I would also have a second DynamoDB table to handle reads, where you will only store active announcements which your application can query and retrieve all of it with a Scan query (i.e. O(N)), which is not a concern as you mentioned there will only be 30-40 active announcments at any point in time. Let's imagine this to be even 500, you are still OK with this structure. In terms of partition and sort key, I would just have an active boolean field as the partition key, which you will always have it as true, you can have the announcement id as the sort key, and make the combination of both as the primary key. If you care about the sort of these announcements, you can adjust the sort key accordingly but make sure it's unique (i.e. consider concatenating the announcement identifier, e.g. {displayBeginDatetime-in-yyyyMMddHHmmss-format}-{announcementId}. With this way you will guarantee that you will only hit one partition. However, you can actually simplify this and have the announcement identifier as the partition key and primary key as I am nearly sure that DynamoDB will store all your data in one partition as it's going to be so small. Better to confirm this though as I am not 100% sure. The point here is that you are much better of ensuring hitting one partition with this query.
Here is how this may work, where there are some edge cases I am overlooking:
record the write inside the first DynamoDB for an announcement. When an announcement is written, configure displayEndDatetime as the TTL of that row, with the assumption that you don't need this record in this table when an announcement expires.
have a job running for N minute (one or more, depending on the data inconsistency gap you can handle), which will Scan the entire DynamoDB table across partitions (do it in a paginated way), and makes decisions on which announcements are currently visible. Then, write your data into the second DynamoDB table, which will handle the reads, in the structure we have established above so that your consumer can read from this w/o worrying about any filtering as the data is already filtered (e.g. all the announcements here are visible ones). Note that Scan is fine here as you are running this once every N minutes, with the assumption that you are ok with at least 1 minute + processing time data inconsistency gap. I would suggest running this every 10 minutes or so, if you don't have strong data consistency requirements.

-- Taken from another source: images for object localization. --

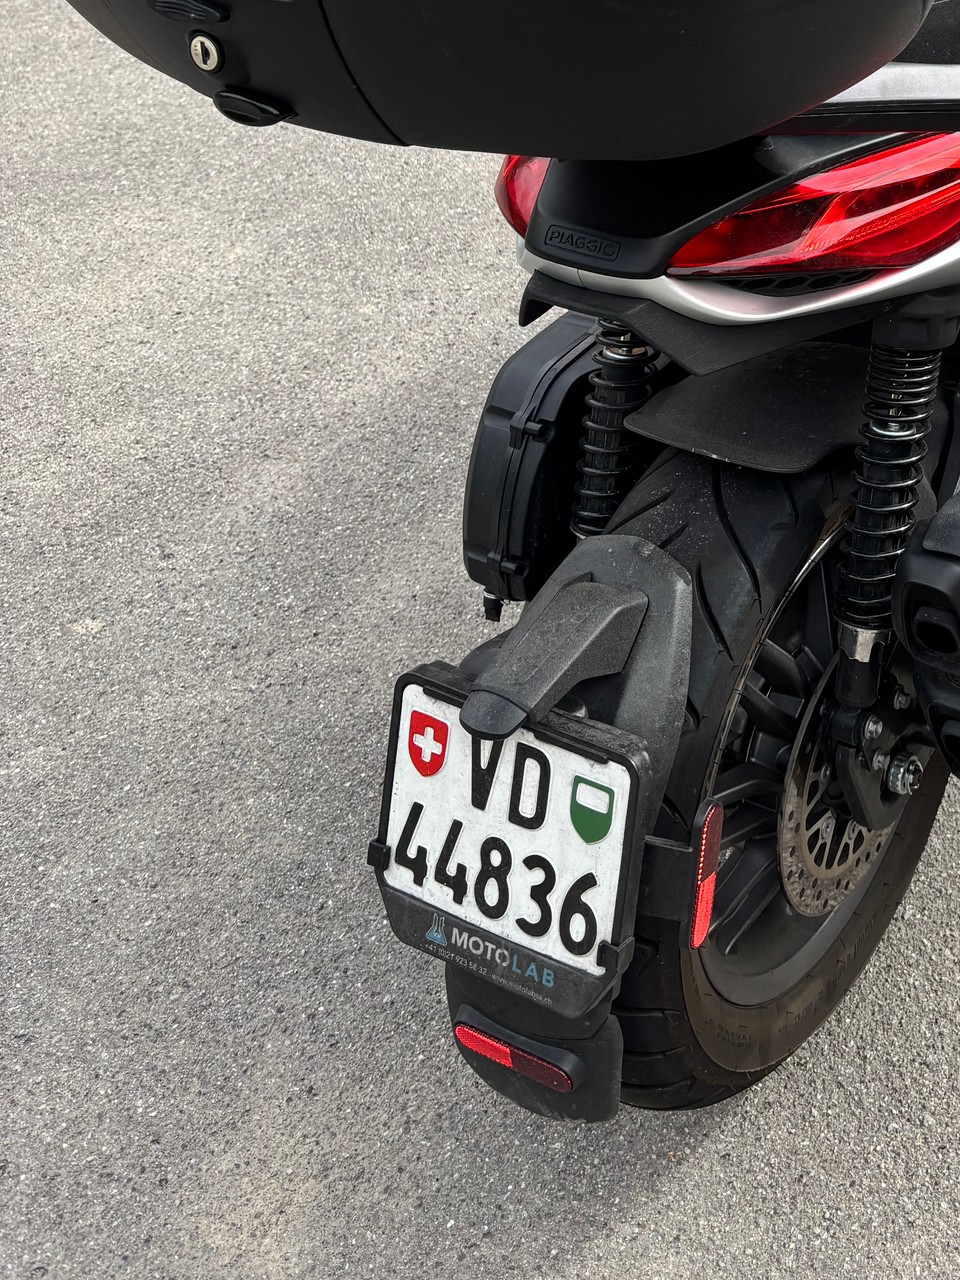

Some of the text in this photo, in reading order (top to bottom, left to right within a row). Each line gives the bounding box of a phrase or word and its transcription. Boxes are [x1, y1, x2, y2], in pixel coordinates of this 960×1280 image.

[549, 230, 616, 257] PIAGGIO
[471, 736, 552, 830] VD
[394, 801, 598, 956] 44836
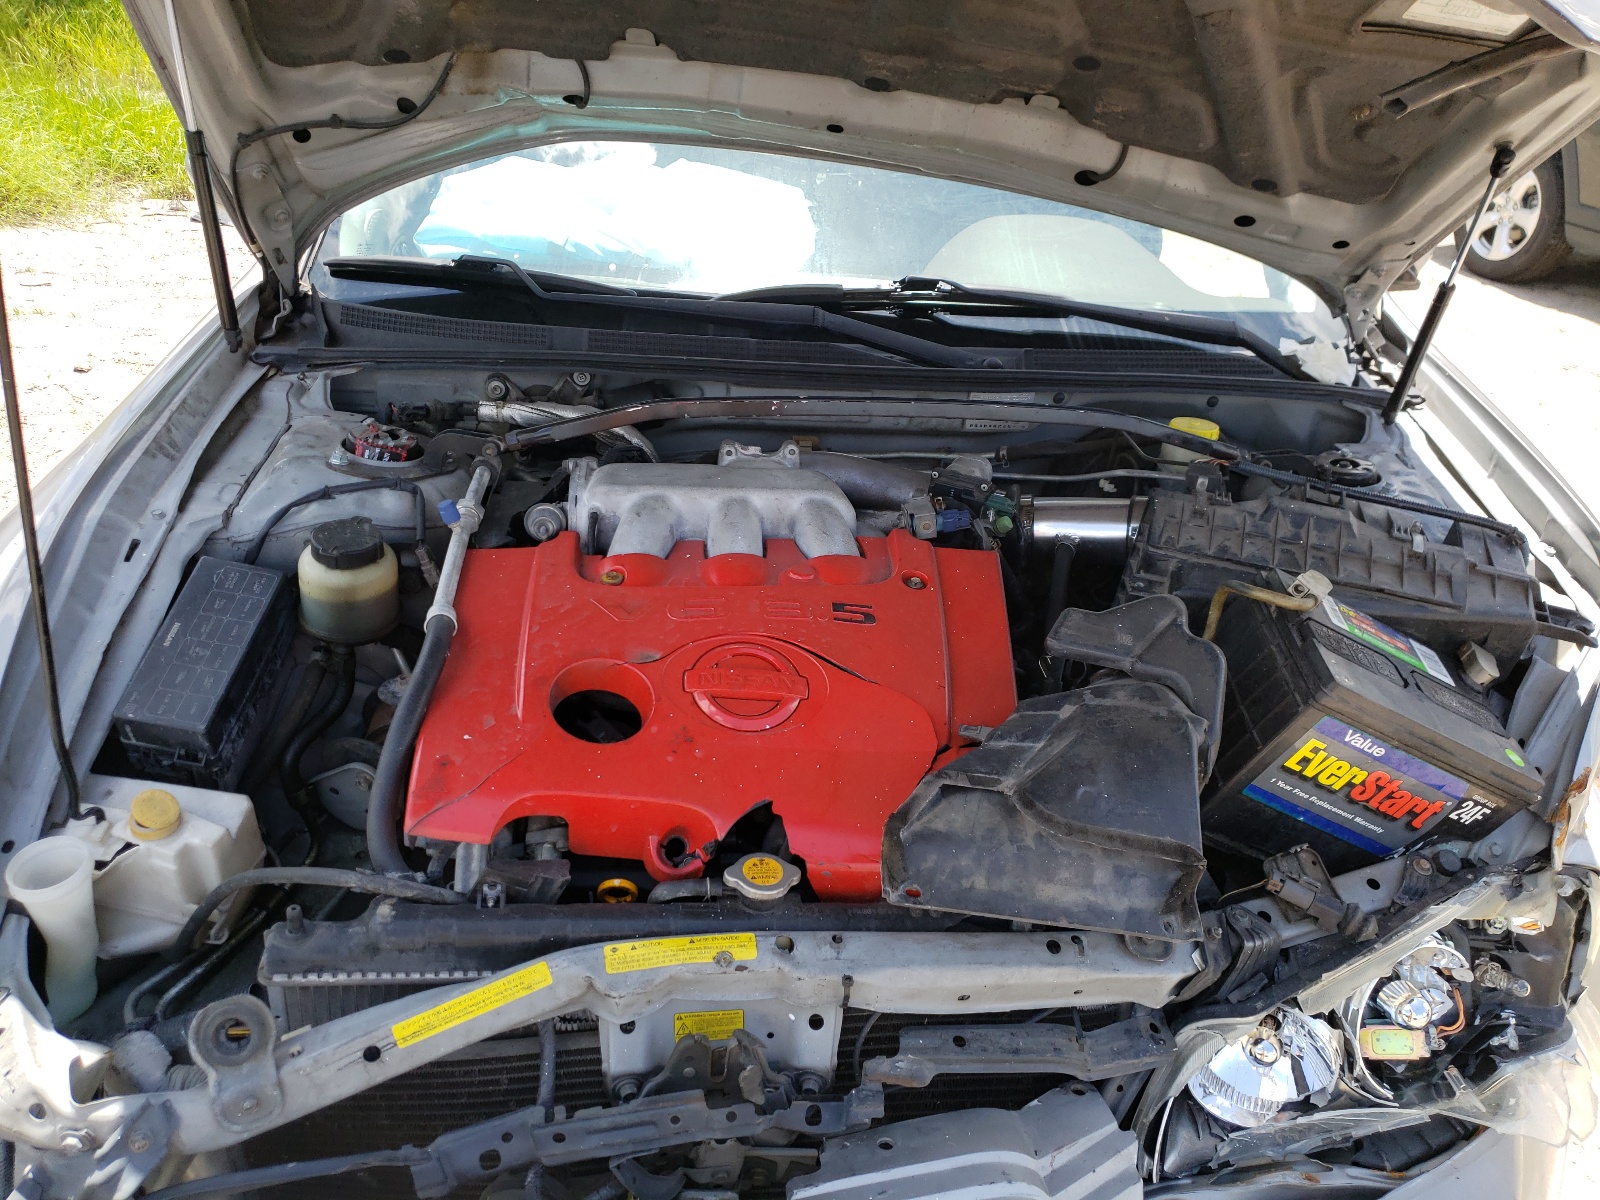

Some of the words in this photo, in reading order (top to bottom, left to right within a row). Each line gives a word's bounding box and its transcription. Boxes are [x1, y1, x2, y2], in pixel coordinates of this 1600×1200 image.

[162, 622, 180, 647] NISSAN
[697, 671, 797, 688] NISSAN
[1343, 729, 1387, 758] Value
[1283, 738, 1450, 830] EverStart
[1276, 779, 1292, 791] Year
[1292, 788, 1310, 799] Free
[1308, 795, 1355, 820] Replacement
[1353, 816, 1385, 834] Warranty
[1449, 800, 1492, 825] 24F

On the read storage system, also configure displayEndDatetime as the TTL for the row so that it gets automatically deleted.
Configure DynamoDB streams on the first DynamoDB table, which has 24 hours retention and exactly once delivery guarantee, and have a lambda consumer of this stream, which to handle when an item is deleted (will happen when TTL kicks in for a particular row) to keep a record of this announcements somewhere else, for longer retention reasons, and will need to expose it through different access pattern (e.g. show all the announcements per author so that they can reenable old announcements), as you mentioned in you question. You can configure a lambda event sourcing with DynamoDb streams, which will allow you to handle failures with retries, etc. Make sure that your logic in these lambdas are idempotent so that you can retry safely.

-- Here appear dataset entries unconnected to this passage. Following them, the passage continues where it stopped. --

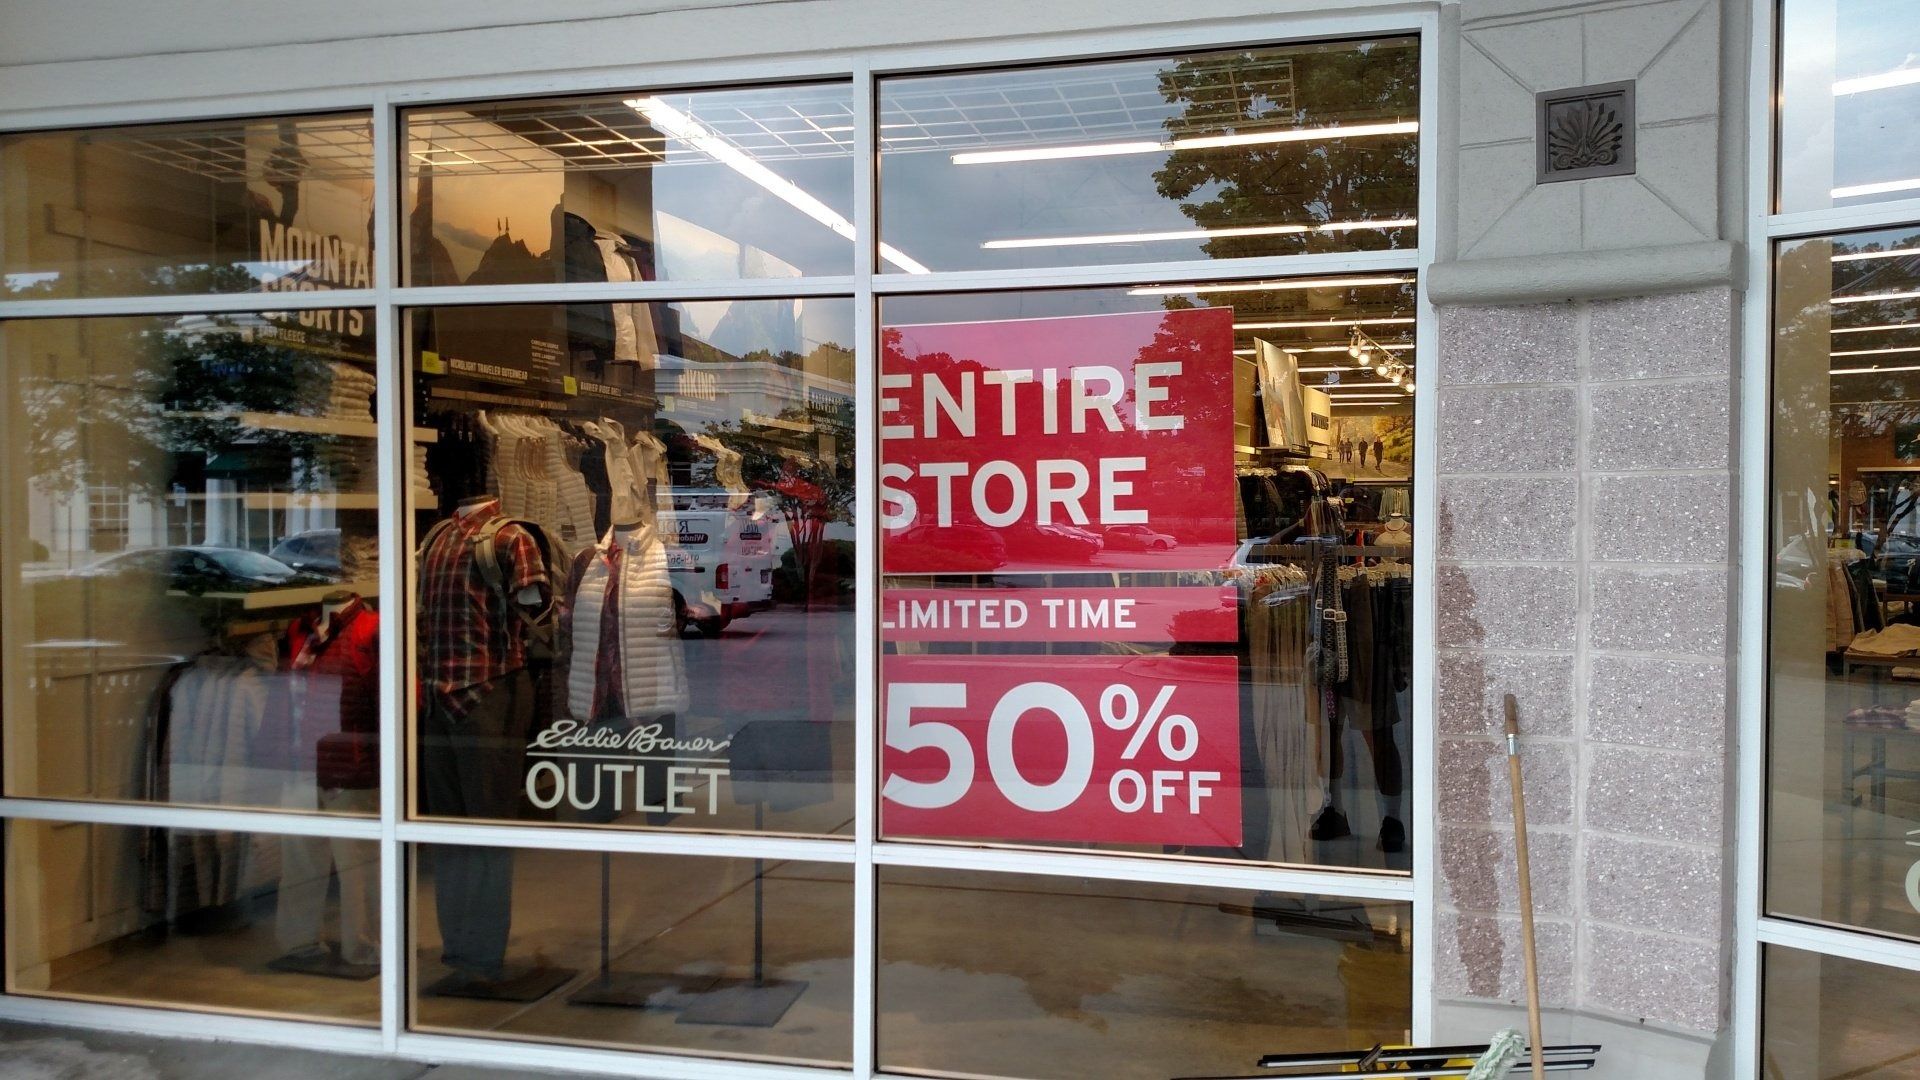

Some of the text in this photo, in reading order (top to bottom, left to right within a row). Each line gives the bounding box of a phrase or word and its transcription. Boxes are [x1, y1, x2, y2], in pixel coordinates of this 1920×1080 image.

[882, 361, 1185, 440] ENTIRE
[882, 456, 1149, 530] STORE
[1041, 598, 1137, 629] TIME
[527, 719, 731, 753] Eddie Bauer
[881, 681, 1199, 813] 50%
[525, 760, 731, 815] OUTLET
[1109, 769, 1222, 815] OFF

The below is the parts from my original question, which are still relevant to anyone who might be trying to achieve the same. So, I will leave them here but they are less relevant as the OP needs to use DynamoDB.
Why DynamoDB?
First of all, I would question why you need DynamoDB for this, as it seems like your requirements are more read heavy than it's being write heavy, where I think DynamoDB shines the most due to its partitioned out of the box nature.

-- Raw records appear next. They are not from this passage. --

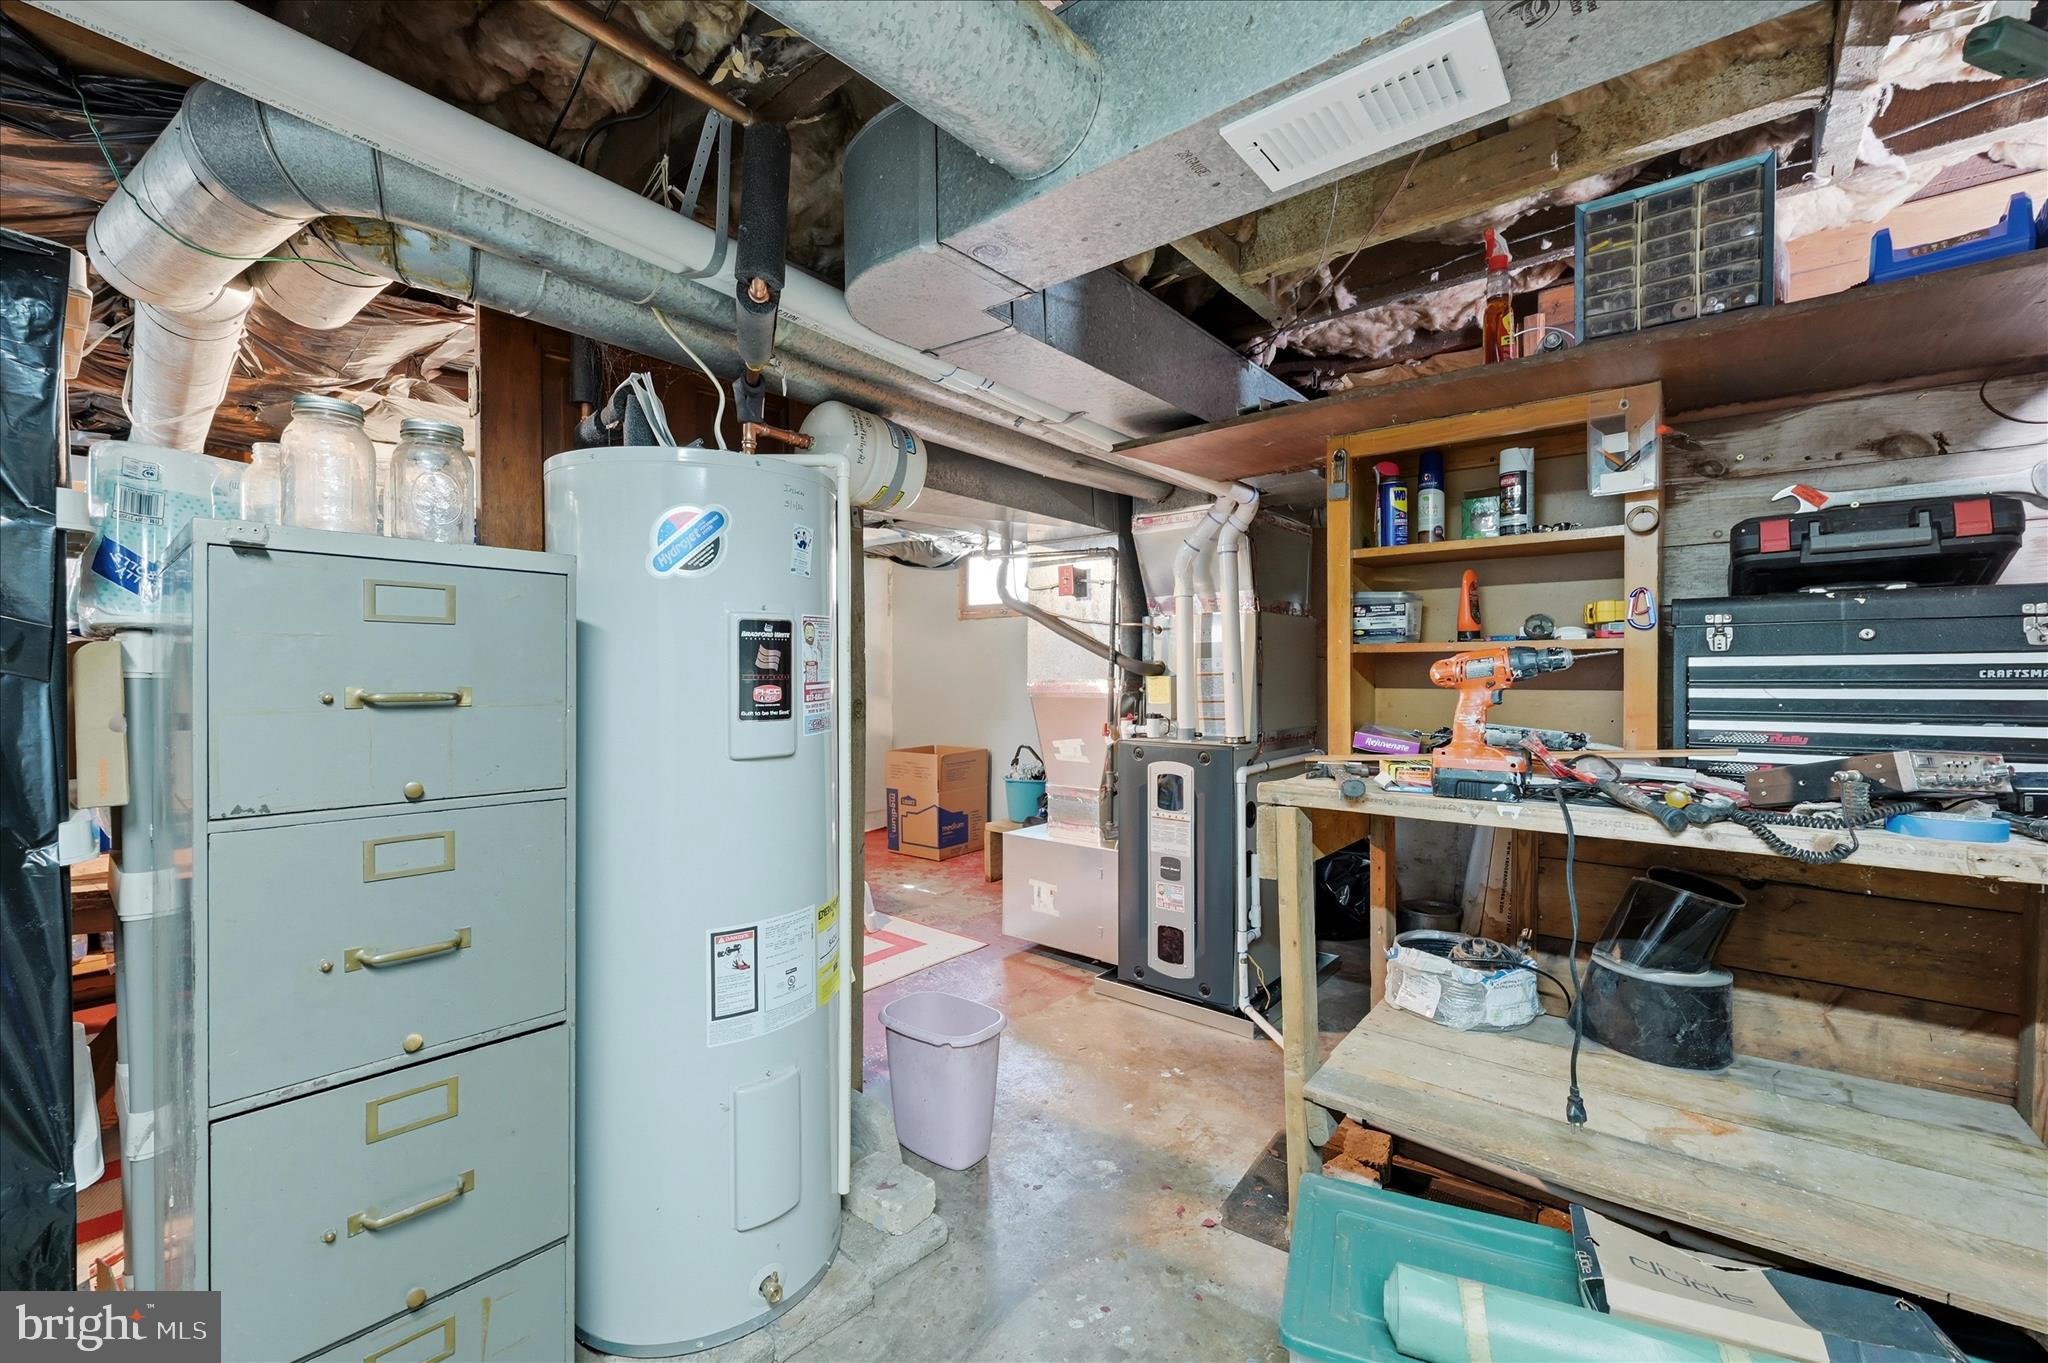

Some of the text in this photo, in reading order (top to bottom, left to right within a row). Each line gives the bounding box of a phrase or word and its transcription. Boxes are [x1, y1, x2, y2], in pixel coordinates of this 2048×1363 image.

[657, 526, 704, 568] Hydrojet
[740, 630, 774, 638] BRADFORD
[1979, 669, 2048, 678] CRAFTSMA
[1365, 738, 1410, 752] Rejuvenate
[1768, 732, 1809, 745] Rally
[888, 793, 897, 833] medium

Below questions would help you understand whether you really need DynamoDB for this, or can you get away with a more flexible data storage system:
what is the rate of writes you anticipate receiving (i.e. peak writes per second you need to handle)?
how much new data do you anticipate storing daily, and how do you think this will grow?
what is the rate of reads (e.g. peak reads per second)?
How many announcements a user can see at a time (i.e. what's avg/max number of announcements will be visible at any point in time)? Practically thinking, this shouldn't be more than a few (e.g. 10-20 at most). This will help you understand whether you need will be OK pulling all the visible announcements in one go, or need a pagination system.
What is the data inconsistency gap you are happy to have here (i.e. do you need seconds level precision, or would you be happy to have ~1min delay on displaying and hiding announcements)?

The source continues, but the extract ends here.